Sometimes the best ideas come when you least expect them.

For business owner Greg Terry, the idea for his mobile shredding business came while watching TV and, ironically, burning paper.

By ROD DANIEL Staff Reporter

Terry, a former production worker at Kaiser Aluminum in Spokane, was tending to his recently deceased grandmother’s estate when he caught wind of one of the fastest growing industries in the United States.

"I was actually burning a lot of Granny’s papers in the wood stove and watching the news at the same time," Terry recalled. "I saw a segment on a shred truck in New York. I wasn’t thinking of starting a business, but I filed it away."

Later Terry said he found out the best manufacturer of the big, custom-made, paper-shredding trucks was located in his hometown of Spokane.
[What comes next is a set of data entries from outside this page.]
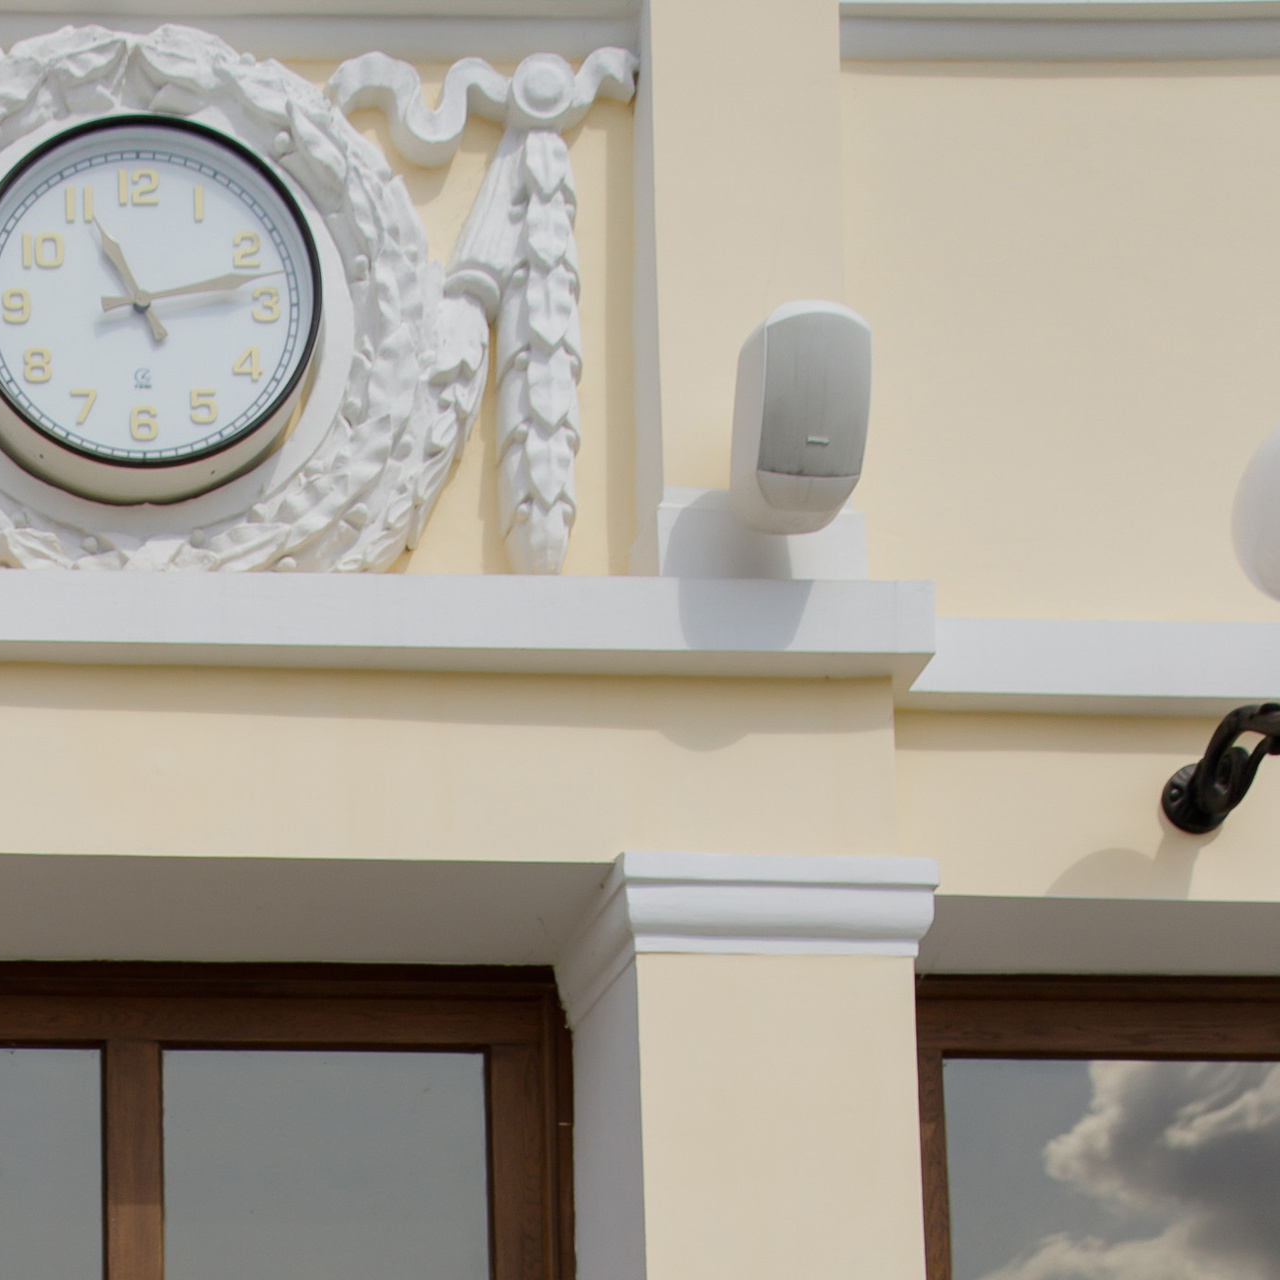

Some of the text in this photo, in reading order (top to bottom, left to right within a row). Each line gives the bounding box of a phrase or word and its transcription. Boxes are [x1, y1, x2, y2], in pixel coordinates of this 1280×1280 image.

[65, 186, 93, 222] 11
[118, 168, 159, 206] 12
[194, 185, 204, 222] 1
[21, 232, 64, 269] 10
[232, 231, 261, 268] 2
[2, 287, 31, 324] 9
[252, 286, 280, 323] 3
[23, 347, 52, 383] 8
[232, 346, 262, 382] 4
[69, 388, 97, 425] 7
[130, 405, 158, 441] 6
[189, 387, 218, 424] 5
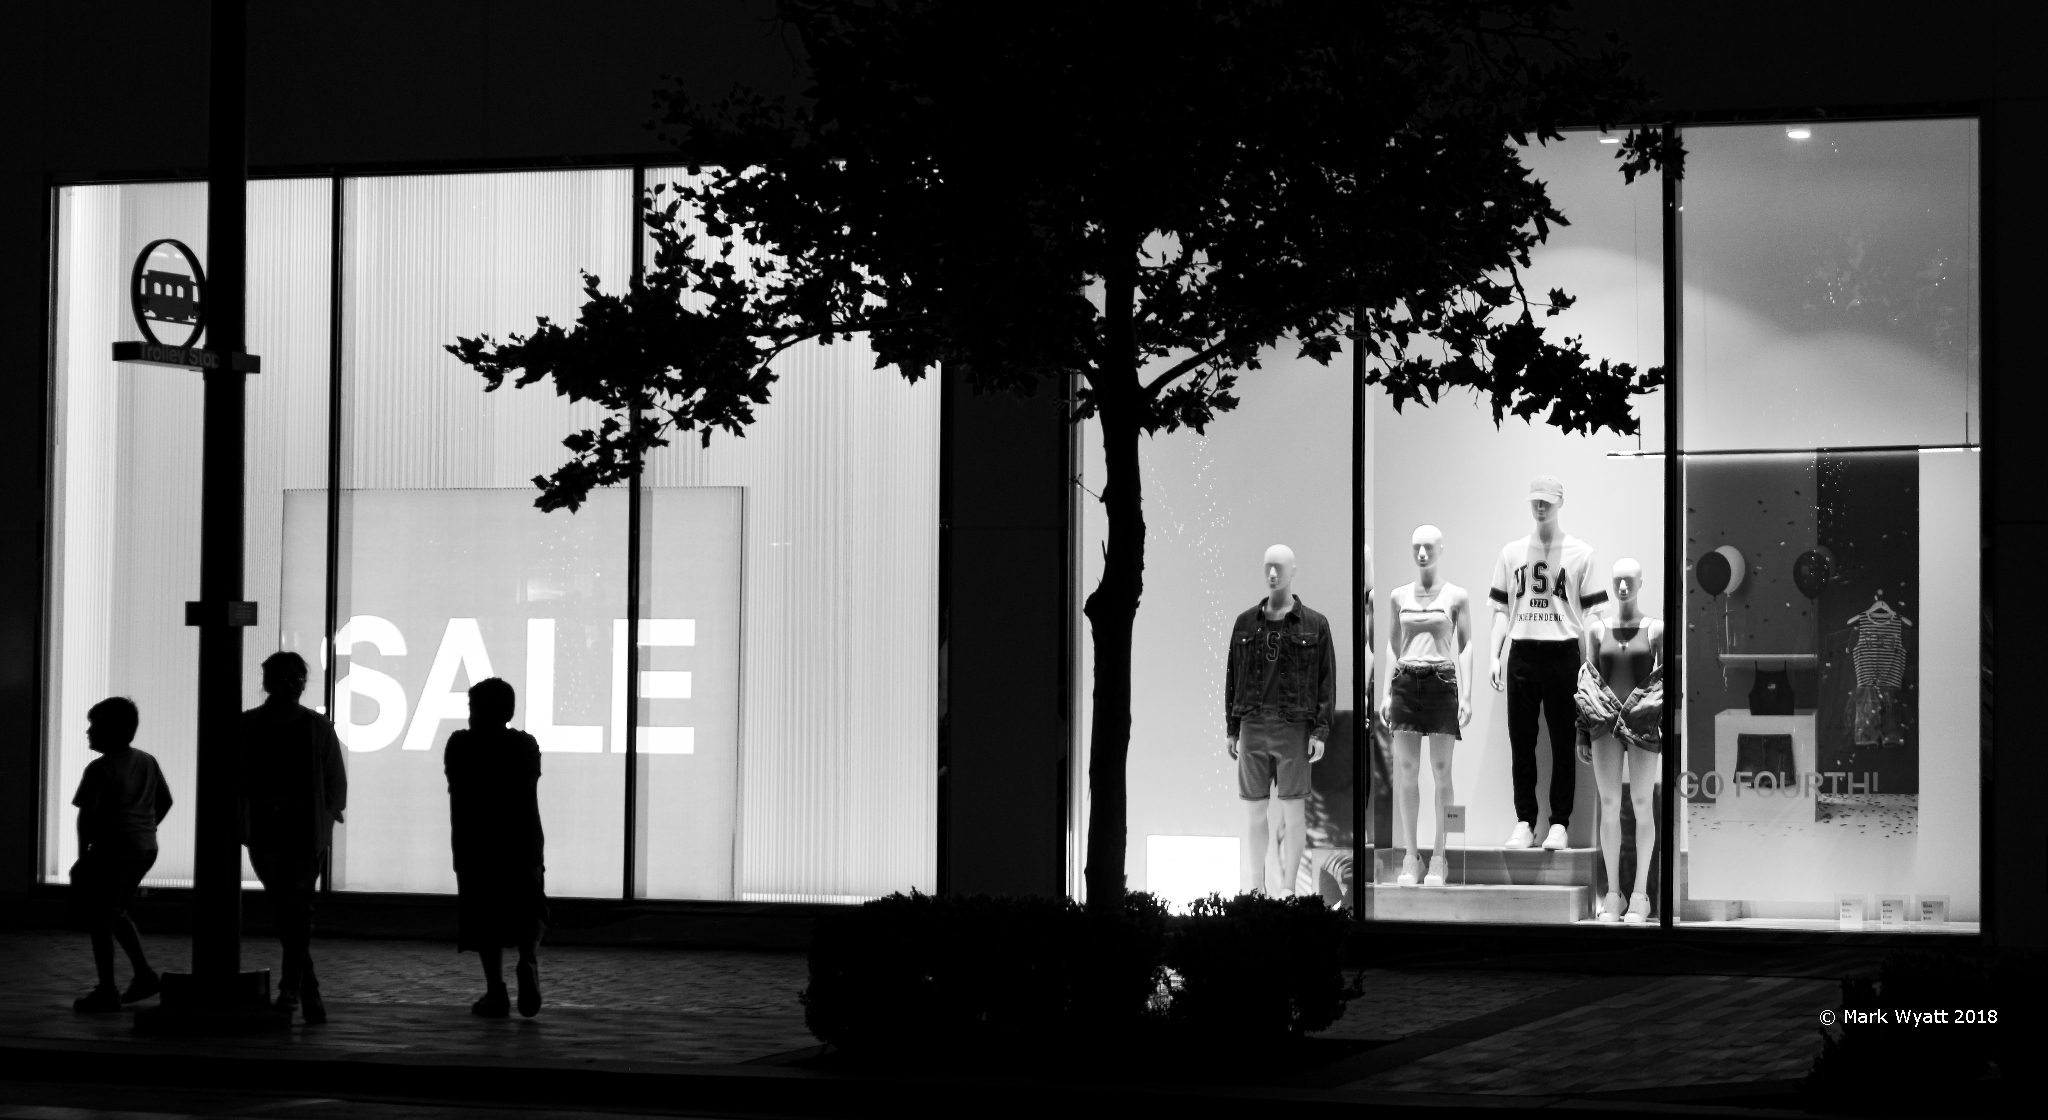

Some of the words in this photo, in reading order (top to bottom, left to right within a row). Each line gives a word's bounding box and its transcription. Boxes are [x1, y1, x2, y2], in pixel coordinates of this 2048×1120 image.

[140, 343, 186, 365] Trolley
[189, 348, 220, 369] Stop
[1514, 560, 1568, 602] USA
[1531, 600, 1547, 608] 1776
[1266, 631, 1280, 661] S
[316, 615, 695, 754] SALE
[1676, 771, 1724, 798] GO
[1735, 771, 1879, 798] FOURTH!
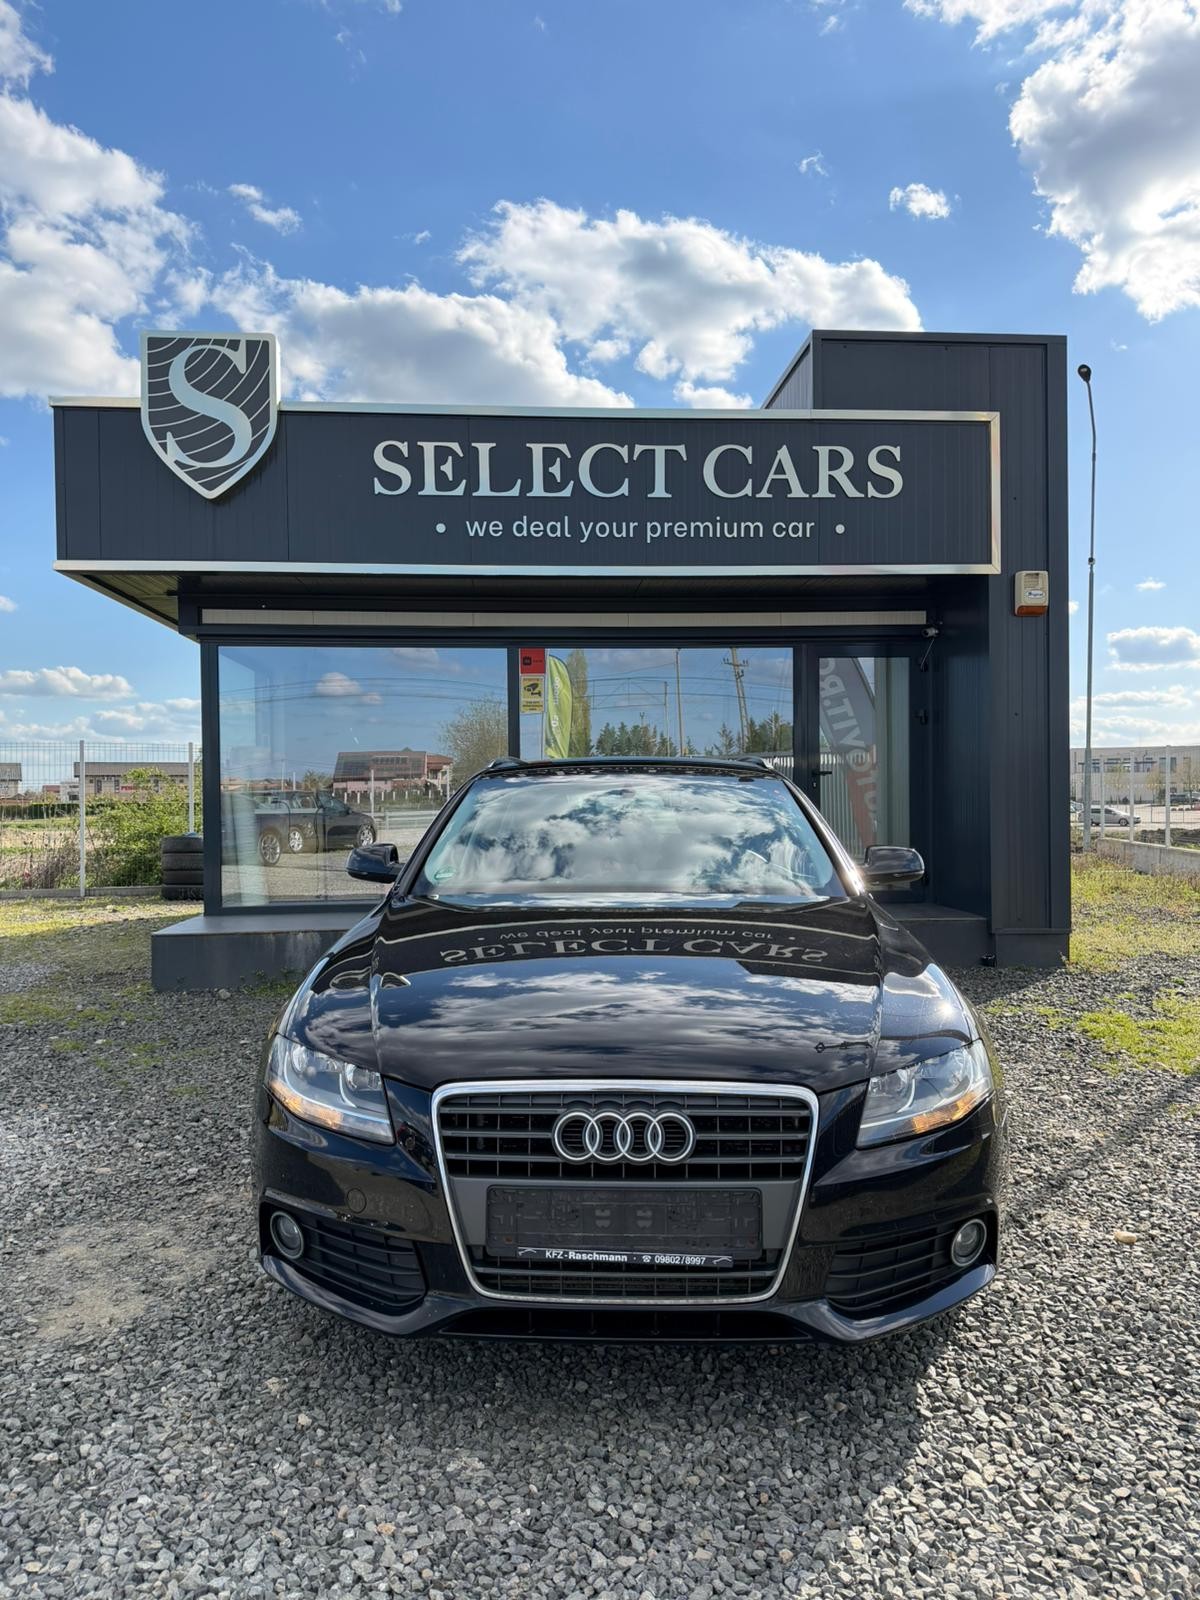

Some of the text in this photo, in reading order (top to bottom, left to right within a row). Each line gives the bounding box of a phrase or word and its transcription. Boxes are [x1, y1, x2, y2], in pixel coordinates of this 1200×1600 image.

[168, 338, 252, 468] S
[372, 439, 905, 500] SELECT CARS
[465, 515, 815, 544] we deal your premium car
[545, 1249, 706, 1265] KFZ-Raschmann 09802/8997
But Terry intended to go back to his production job, and since he had never considered owning his own business, he again filed the information away.

Getting his job back at the aluminum plant seemed less likely as time went on, he said, because of a workers strike and further layoffs, so he and his wife, Monica, began discussing other options on how the family of four could make a living.

"My wife always dreamed of going to pharmacy school," he said, "so we began looking at moving to a town or city with a pharmacy program."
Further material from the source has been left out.